Lori Parrett, a pastry chef and the owner of the shop at 1741 W. 99th St., is hosting a class teaching people how to design and decorate calaveras de azúcar, traditional sugar skulls that are displayed at ofrendas, or altars that honor people who have died.

The workshop will take place 6-8:30 p.m. Oct. 28 at the shop. Tickets are $76 and can be bought online.

For each ticket, the shop will donate a birthday cake kit in the participant’s name to two area food pantries. The kit includes cake mix, a birthday card, candles and a personalized message.

“Pantries don’t have this kind of opportunity, typically, so we’re really excited about this,” Parrett said.

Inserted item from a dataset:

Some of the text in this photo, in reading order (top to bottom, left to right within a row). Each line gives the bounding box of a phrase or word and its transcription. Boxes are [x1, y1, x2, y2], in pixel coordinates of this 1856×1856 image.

The workshop’s attendees will use molds — ordered from a Mexican company — to create the sugar skulls, while the decorations will be made with royal icing, a combination of powdered sugar and egg whites. 

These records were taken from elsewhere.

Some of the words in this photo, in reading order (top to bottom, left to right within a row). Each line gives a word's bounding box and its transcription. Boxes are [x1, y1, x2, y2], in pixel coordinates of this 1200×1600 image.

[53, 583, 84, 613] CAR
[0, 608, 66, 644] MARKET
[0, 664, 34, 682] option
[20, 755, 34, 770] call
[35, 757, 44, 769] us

“The making of sugar skulls is not part of my tradition, but all cultures celebrate their loved ones who have passed from this life in some form,” Parrett said. “This expression resonates with me because the medium of sugar as the vehicle to bring comfort, celebration and joy is personal to me.”

Parrett has run the shop for about 20 years, selling supplies for decorating baked goods. The business became her main gig when the pandemic hit and she unexpectedly lost her other job.

“I had this kind of lightbulb moment,” Parrett said. “The universe was telling me to stop struggling and that the shop was where I was supposed to be and what I should be focusing on.” 

Cakewalk Chicago’s sales went up as more people took up baking during the lockdown at the start of the crisis. She looked for ways to support other entrepreneurs.

“During the pandemic, whenever possible, I’ve worked with small independent family-owned companies,” Parrett said. “Companies that produce boxes, candy molds or cake toppers, and that got us through it.”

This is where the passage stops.